Ele é meu anjo protetor que tanto amo, admiro e respeito e que faz cada dia valer a pena, pois nunca me tratou como portadora de uma patologia agressiva e sem cura e o sentimento "pena" não tem espaço na nossa vida. Sempre extremamente cuidadoso, me estimula a lutar e reagir conforme as limitações vão aumentando.

Temos a nossa amada filha Carol, que é a luz da minha vida, um anjo que Deus nos enviou disfarçado de filha e que veio com a missão de iluminar o nosso caminho pela estrada da vida.

Ela é uma filha amiga e companheira, aliás, é minha melhor amiga, dedicada, carinhosa, com uma alegria contagiante e sapeca e traz no seu coração um amor muito grande pela vida e pela família, o que a torna tão especial.

Enfim, eles são meus admiráveis e adorados anjos que estão sempre ao meu lado, incansáveis em me proporcionar conforto, segurança e muita alegria, transformando tudo em festa e brincadeira.

Eles são minhas pernas e me ajudam a seguir em frente na minha caminhada, são meus braços e me ajudam a envolver meus sonhos e afagar o mundo, são o meu combustível e me impulsionam sempre pra frente, são a minha voz e transmitem meus sentimentos, são os meus pulmões e me ajudam a respirar e viver, enfim, são "vida em minha vida".

Tenho o amor dos meus amados pais, da minha irmã e cunhado, sobrinhas e sobrinhos, e da minha sogra, que mesmo morando longe, sempre me transmite seu carinho, e vivo a emoção de ser vovó de um lindo anjinho de 3 anos, o Vitor, filho da nossa amada Marcela, que mesmo distantes, moram no meu coração.

Também tenho o carinho, apoio e conforto espiritual de amigos especiais que me fortificam através de correntes de orações, sendo que muitos deles eu conheço apenas virtualmente, e guardo no coração as doces lembranças das crianças do nosso Projeto Vida Tri-Legal.

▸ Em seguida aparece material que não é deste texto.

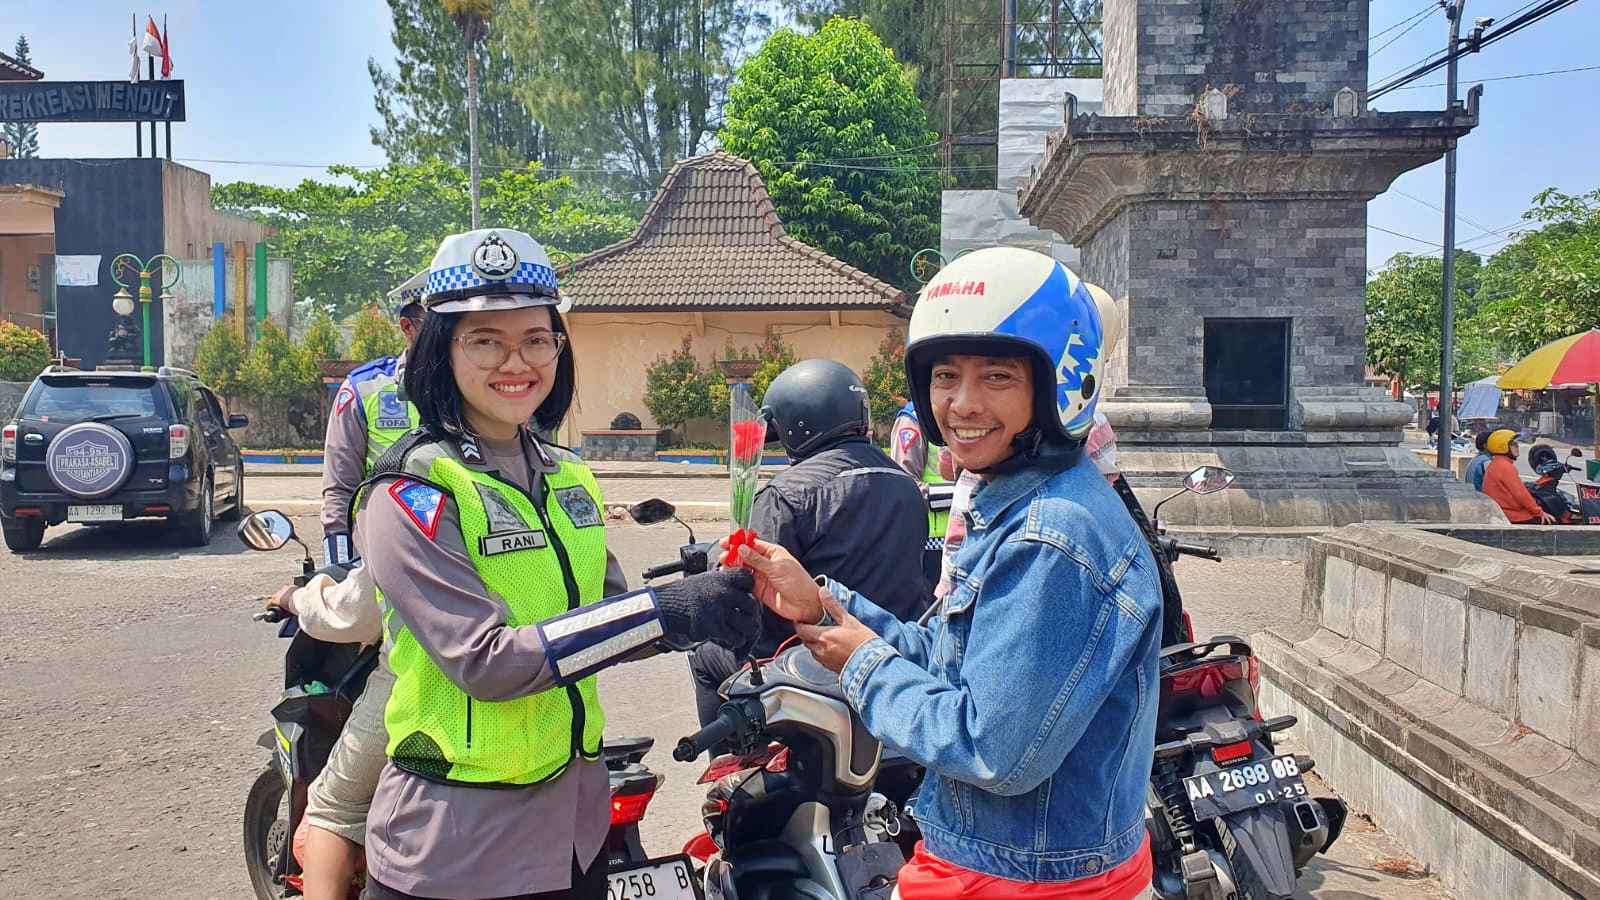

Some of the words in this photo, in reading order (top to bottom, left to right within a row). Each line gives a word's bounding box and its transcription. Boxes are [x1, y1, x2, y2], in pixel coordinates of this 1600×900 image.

Além disso, conto com o acompanhamento de competentes e atenciosos médicos, sempre preocupados com meu bem-estar, com os carinhosos cuidados diários dos meus queridos anjos do Home Care, com o apoio de uma dedicada equipe multidisciplinar e de profissionais do hospital Unimed Vale do Caí.

E todo esse carinho e apoio que eu e minha família recebemos, inclusive de inúmeras pessoas que nem fazem parte do nosso convívio, mas que ajudam de forma indireta, me dão muita segurança e motivação, permitindo que eu viva cada momento de forma plena, pois a vida é uma oportunidade única de aprendizado, crescimento pessoal e evolução espiritual e cabe a cada um identificar a sua verdadeira missão.

Muito obrigada de coração a todos que estão ao meu lado nesta caminhada.

Devemos sempre criar situações favoráveis para que a Providência Divina possa agir!!!